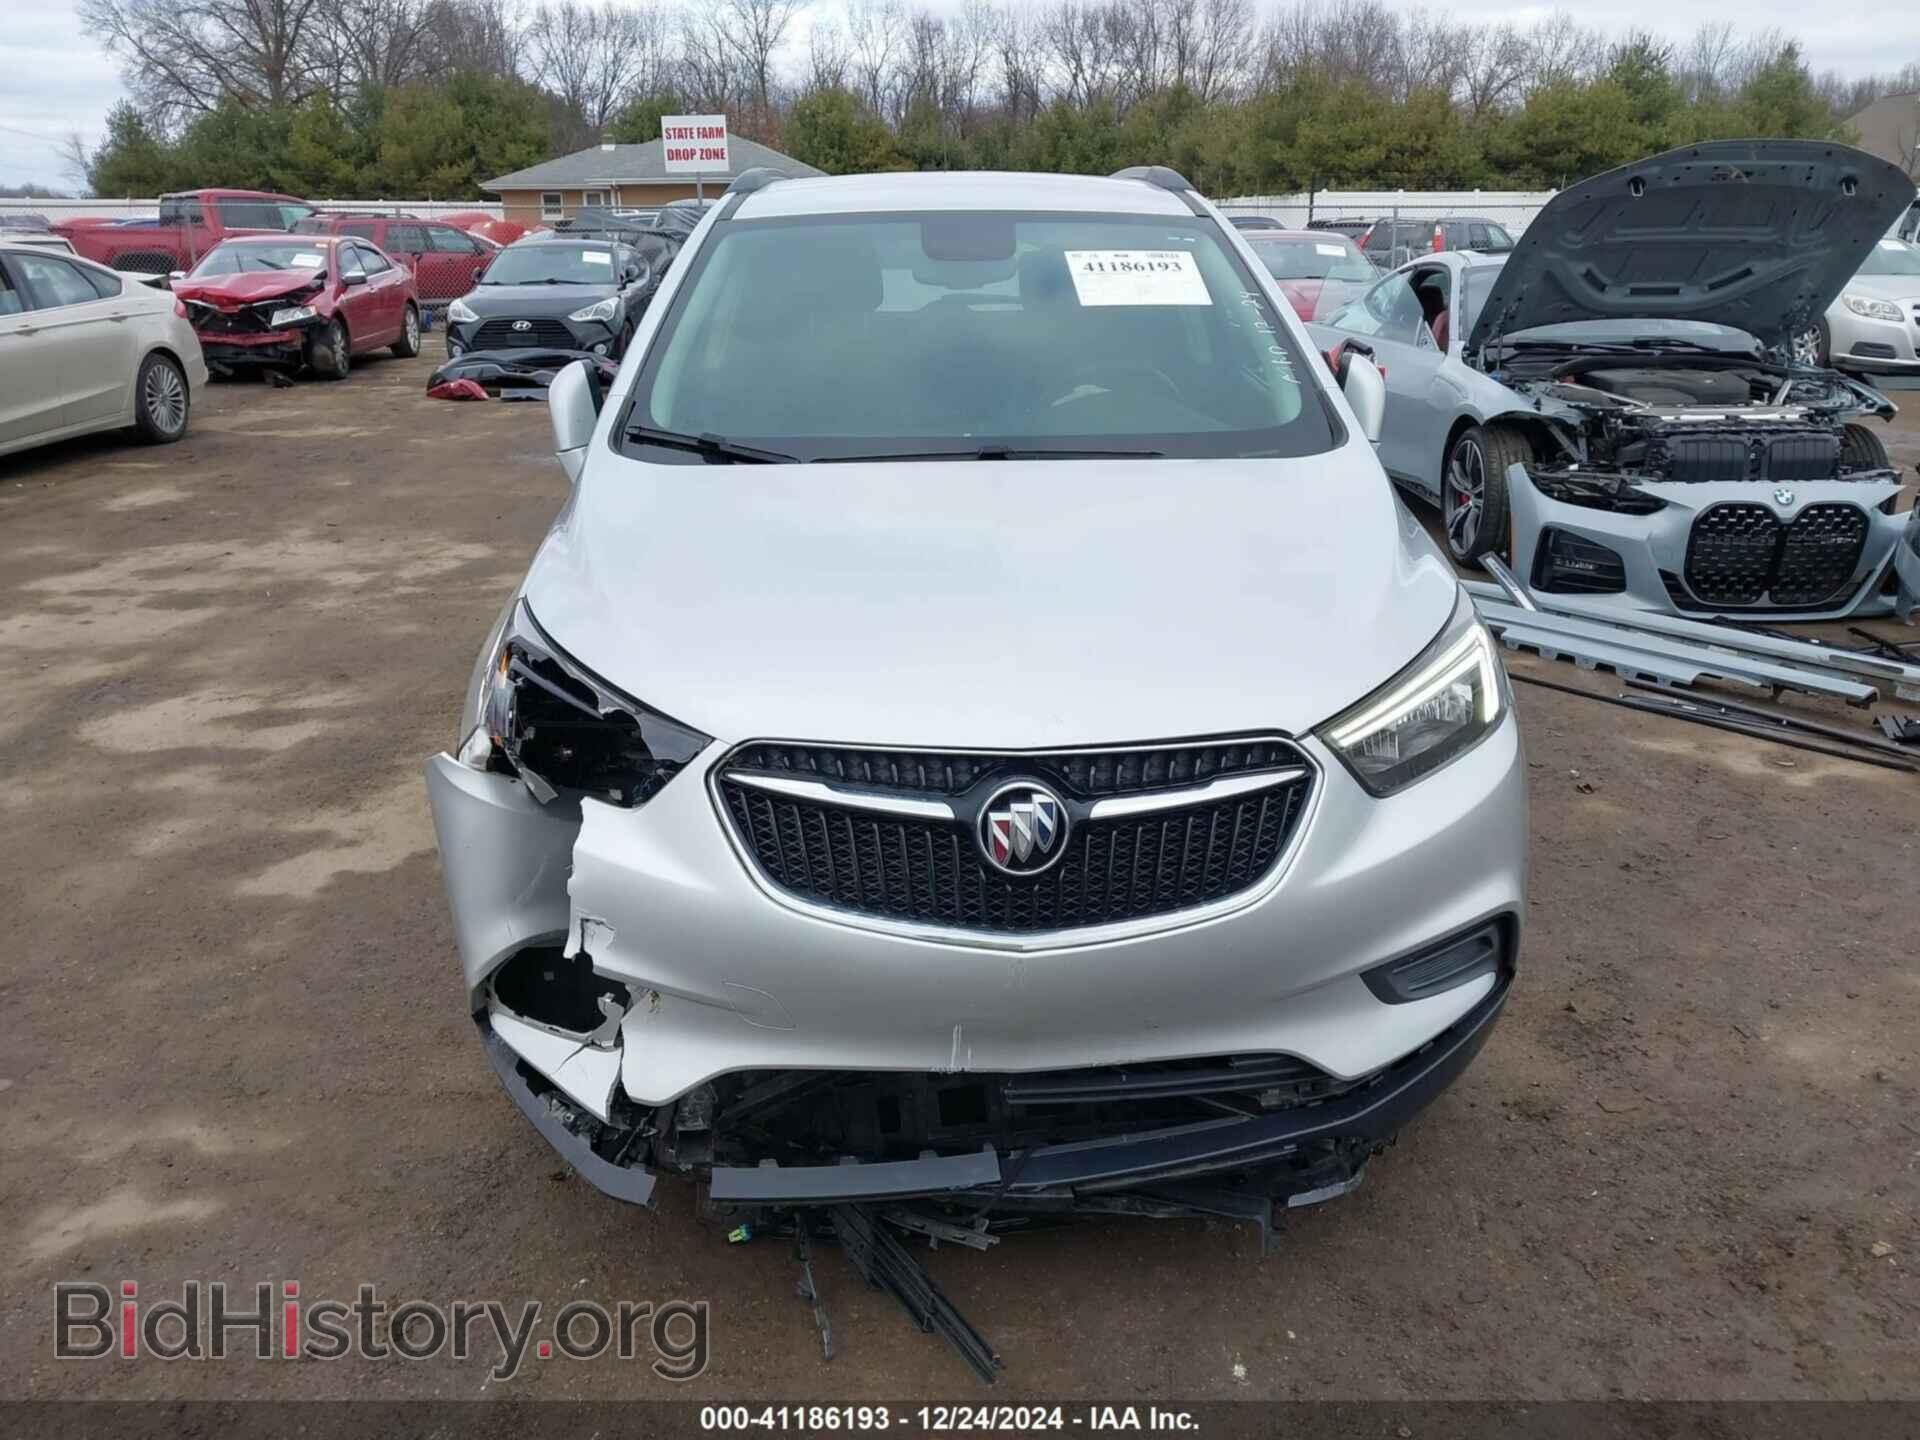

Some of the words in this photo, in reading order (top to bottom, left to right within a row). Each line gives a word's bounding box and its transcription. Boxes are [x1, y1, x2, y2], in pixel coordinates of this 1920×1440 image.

[664, 127, 695, 140] STATE
[697, 126, 724, 139] FARM
[667, 148, 697, 161] DROP
[699, 147, 726, 160] ZONE
[1083, 261, 1182, 273] 41186193
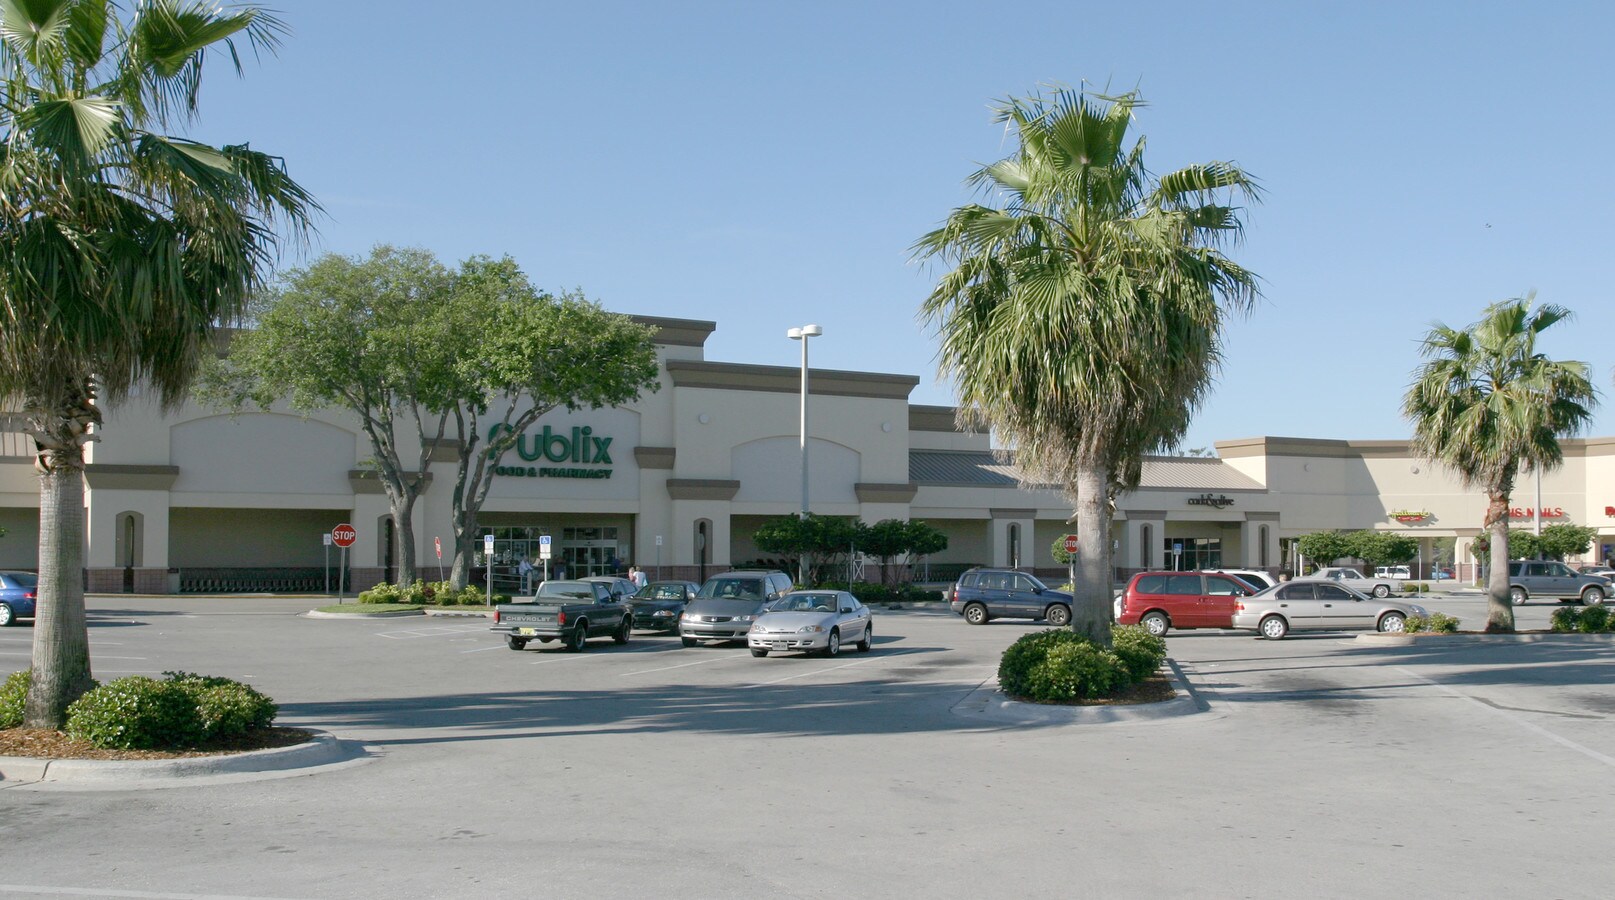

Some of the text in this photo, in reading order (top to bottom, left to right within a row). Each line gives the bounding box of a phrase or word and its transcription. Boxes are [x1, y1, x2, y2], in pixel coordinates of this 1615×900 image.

[489, 466, 613, 479] OOD & PHARMACY
[333, 530, 355, 541] STOP
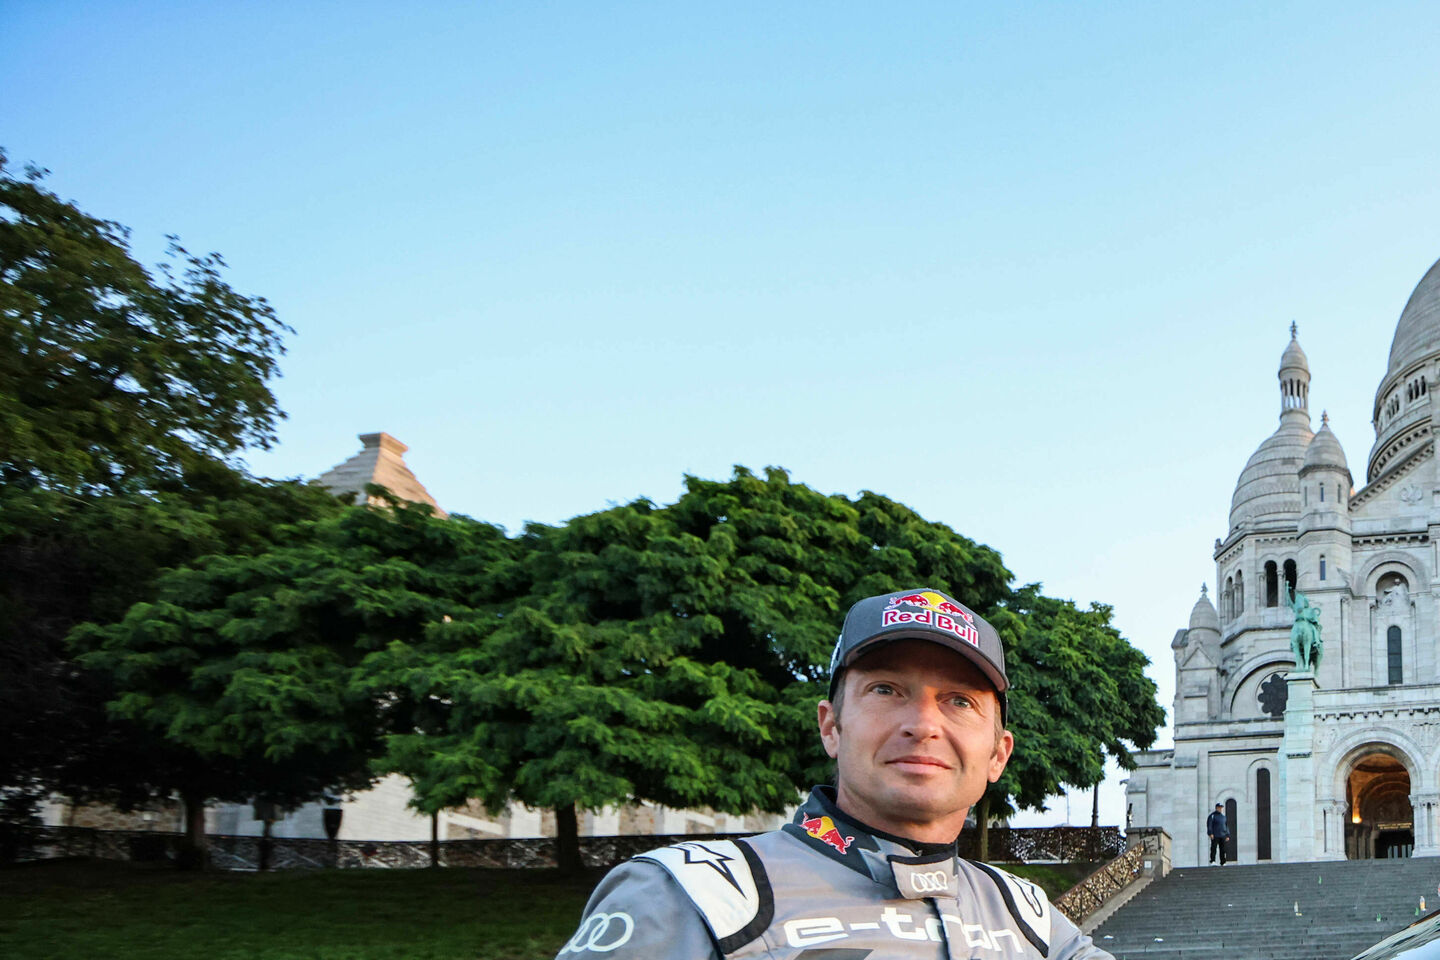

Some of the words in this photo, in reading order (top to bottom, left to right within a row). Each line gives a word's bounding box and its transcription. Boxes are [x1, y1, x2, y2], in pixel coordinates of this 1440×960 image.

[882, 609, 933, 628] Red
[935, 612, 979, 648] Bull
[784, 906, 1024, 954] e-tron
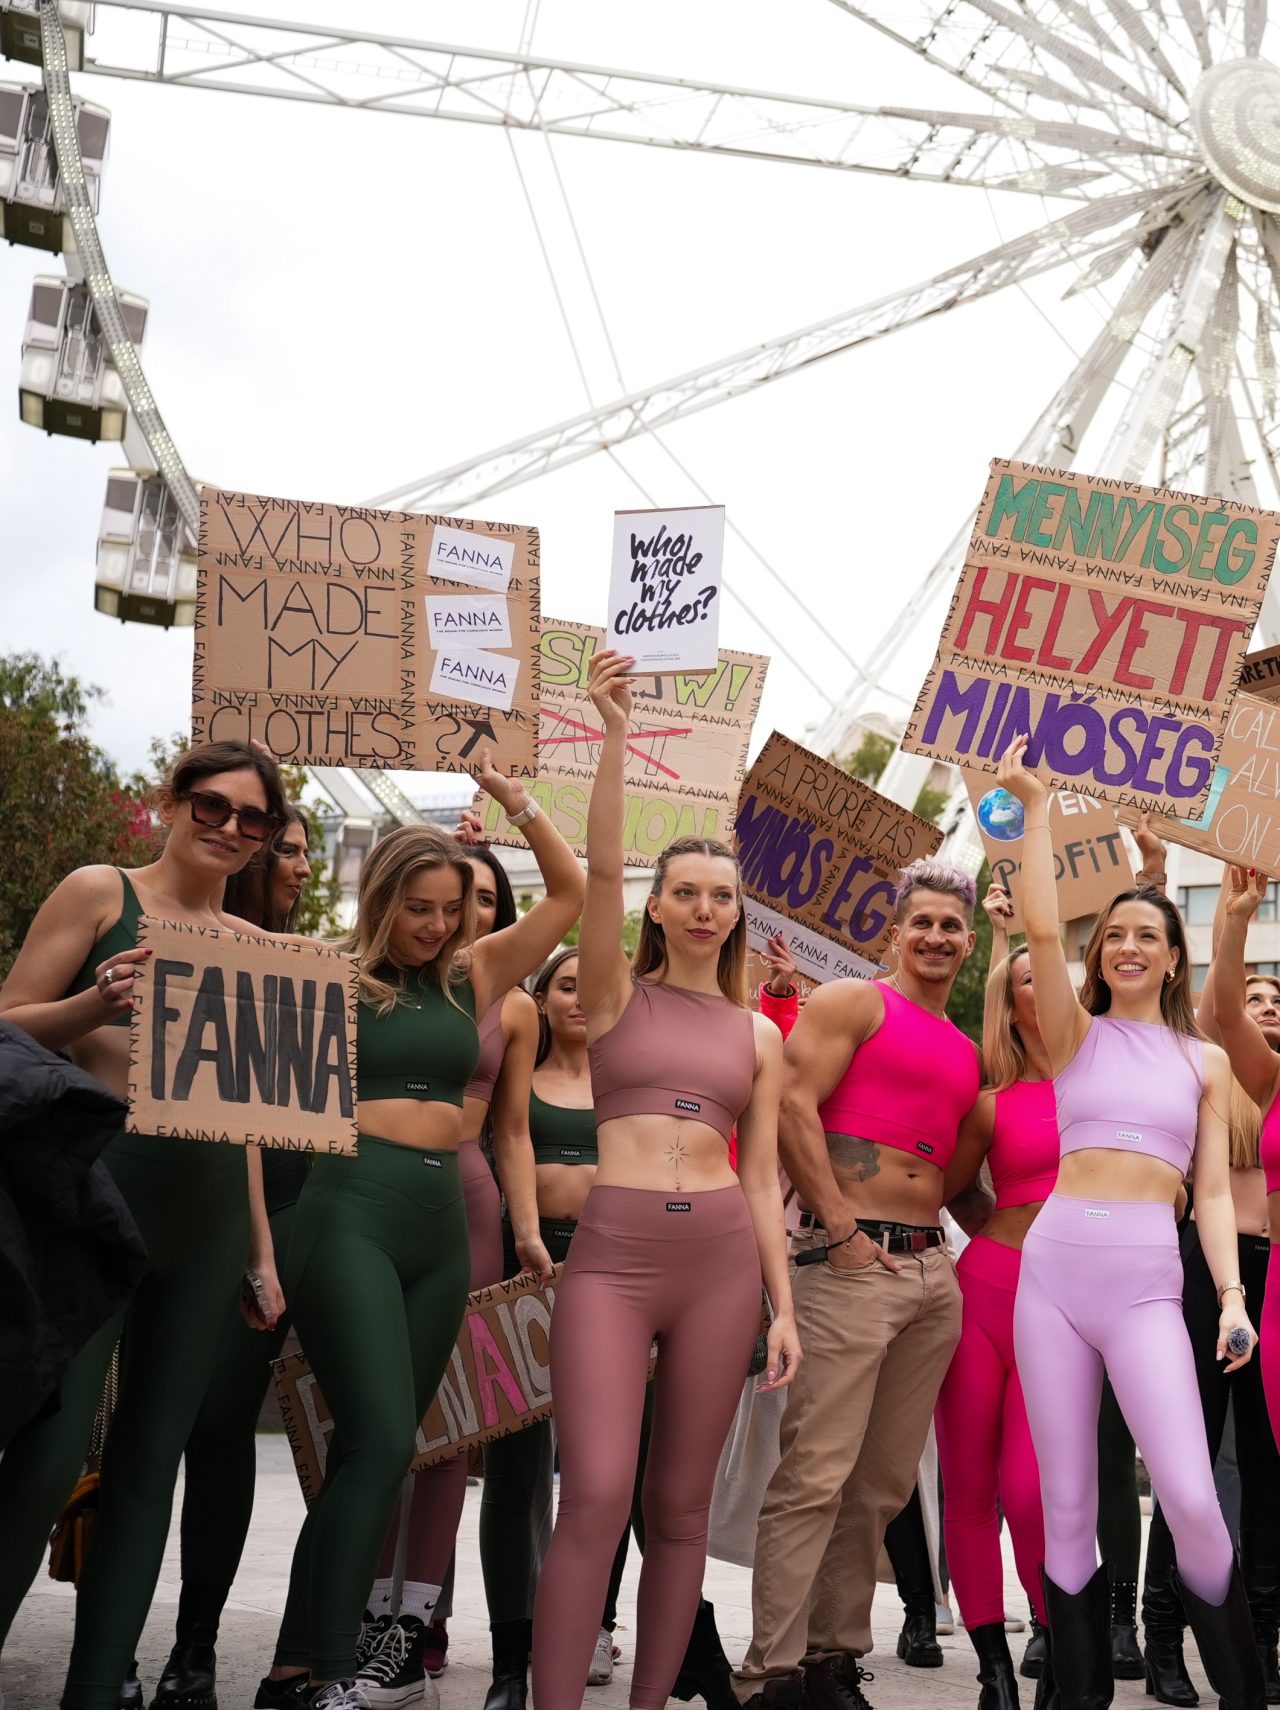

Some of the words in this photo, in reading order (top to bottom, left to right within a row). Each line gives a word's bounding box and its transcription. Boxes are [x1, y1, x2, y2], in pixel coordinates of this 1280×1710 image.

[1021, 461, 1077, 481] FANNA
[1086, 474, 1143, 494] FANNA
[256, 496, 325, 516] FANNA
[1152, 486, 1209, 506] FANNA
[220, 504, 382, 565] WHO
[985, 473, 1260, 587] MENNYISÉG
[276, 558, 342, 577] FANNA
[400, 532, 416, 590] FANNA
[437, 542, 504, 571] FANNA
[630, 534, 703, 583] made
[1020, 547, 1077, 573] FANNA
[1086, 562, 1143, 588] FANNA
[1152, 577, 1211, 602] FANNA
[217, 573, 400, 639] MADE
[529, 577, 541, 633] FANNA
[640, 578, 682, 606] my
[433, 611, 502, 628] FANNA
[614, 585, 718, 636] clothes?
[1224, 651, 1248, 707] FANNA
[1257, 537, 1280, 593] FANNA
[400, 600, 416, 660] FANNA
[953, 565, 1248, 702] HELYETT
[192, 642, 206, 704] FANNA
[267, 635, 359, 690] MY
[440, 657, 507, 689] FANNA
[269, 693, 338, 710] FANNA
[400, 670, 416, 730] FANNA
[949, 652, 1008, 679] FANNA
[1016, 667, 1075, 692] FANNA
[1083, 682, 1143, 707] FANNA
[1151, 696, 1212, 722] FANNA
[427, 701, 491, 720] FANNA
[632, 702, 684, 720] FANNA
[691, 711, 742, 729] FANNA
[921, 669, 1216, 799] MINŐSÉG
[734, 741, 751, 782] FANNA
[764, 753, 792, 788] A
[794, 743, 831, 770] FANNA
[678, 785, 730, 802] FANNA
[755, 778, 794, 809] FANNA
[832, 767, 870, 793] FANNA
[1049, 777, 1108, 801] FANNA
[1117, 792, 1178, 818] FANNA
[796, 802, 835, 834] FANNA
[1215, 803, 1272, 861] ON
[837, 826, 875, 856] FANNA
[812, 866, 842, 907] FANNA
[789, 936, 829, 966] FANNA
[348, 956, 362, 1025] FANNA
[150, 957, 355, 1120] FANNA
[407, 1083, 428, 1091] FANNA
[676, 1101, 699, 1112] FANNA
[1117, 1132, 1141, 1141] FANNA
[424, 1157, 442, 1167] FANNA
[667, 1203, 689, 1211] FANNA
[1086, 1210, 1108, 1219] FANNA
[277, 1394, 305, 1461] FANNA

____

_Work task_. Could you copy the listing above exactly, without its pictures?

_Solution_.
Some of the words in this photo, in reading order (top to bottom, left to right within a row). Each line gives a word's bounding box and its transcription. Boxes are [x1, y1, x2, y2], in pixel coordinates of this 1920×1440 image.

[664, 127, 695, 140] STATE
[697, 126, 724, 139] FARM
[667, 148, 697, 161] DROP
[699, 147, 726, 160] ZONE
[1083, 261, 1182, 273] 41186193

Some of the text in this photo, in reading order (top to bottom, left to right within a row). Each line gives the bounding box of a phrase or word and its transcription. Boxes are [x1, y1, x2, y2], in pixel coordinates of this 1615×900 image.

[489, 466, 613, 479] OOD & PHARMACY
[333, 530, 355, 541] STOP

Some of the words in this photo, in reading order (top to bottom, left to right within a row). Each line gives a word's bounding box and its transcription. Boxes are [x1, y1, x2, y2], in pixel coordinates of this 1440×960 image.

[882, 609, 933, 628] Red
[935, 612, 979, 648] Bull
[784, 906, 1024, 954] e-tron

Some of the words in this photo, in reading order (top to bottom, left to right within a row). Each line gives a word's bounding box and its transcription. Boxes are [x1, y1, x2, y2], in pixel coordinates of this 1280×1710 image.

[1021, 461, 1077, 481] FANNA
[1086, 474, 1143, 494] FANNA
[256, 496, 325, 516] FANNA
[1152, 486, 1209, 506] FANNA
[220, 504, 382, 565] WHO
[985, 473, 1260, 587] MENNYISÉG
[276, 558, 342, 577] FANNA
[400, 532, 416, 590] FANNA
[437, 542, 504, 571] FANNA
[630, 534, 703, 583] made
[1020, 547, 1077, 573] FANNA
[1086, 562, 1143, 588] FANNA
[1152, 577, 1211, 602] FANNA
[217, 573, 400, 639] MADE
[529, 577, 541, 633] FANNA
[640, 578, 682, 606] my
[433, 611, 502, 628] FANNA
[614, 585, 718, 636] clothes?
[1224, 651, 1248, 707] FANNA
[1257, 537, 1280, 593] FANNA
[400, 600, 416, 660] FANNA
[953, 565, 1248, 702] HELYETT
[192, 642, 206, 704] FANNA
[267, 635, 359, 690] MY
[440, 657, 507, 689] FANNA
[269, 693, 338, 710] FANNA
[400, 670, 416, 730] FANNA
[949, 652, 1008, 679] FANNA
[1016, 667, 1075, 692] FANNA
[1083, 682, 1143, 707] FANNA
[1151, 696, 1212, 722] FANNA
[427, 701, 491, 720] FANNA
[632, 702, 684, 720] FANNA
[691, 711, 742, 729] FANNA
[921, 669, 1216, 799] MINŐSÉG
[734, 741, 751, 782] FANNA
[764, 753, 792, 788] A
[794, 743, 831, 770] FANNA
[678, 785, 730, 802] FANNA
[755, 778, 794, 809] FANNA
[832, 767, 870, 793] FANNA
[1049, 777, 1108, 801] FANNA
[1117, 792, 1178, 818] FANNA
[796, 802, 835, 834] FANNA
[1215, 803, 1272, 861] ON
[837, 826, 875, 856] FANNA
[812, 866, 842, 907] FANNA
[789, 936, 829, 966] FANNA
[348, 956, 362, 1025] FANNA
[150, 957, 355, 1120] FANNA
[407, 1083, 428, 1091] FANNA
[676, 1101, 699, 1112] FANNA
[1117, 1132, 1141, 1141] FANNA
[424, 1157, 442, 1167] FANNA
[667, 1203, 689, 1211] FANNA
[1086, 1210, 1108, 1219] FANNA
[277, 1394, 305, 1461] FANNA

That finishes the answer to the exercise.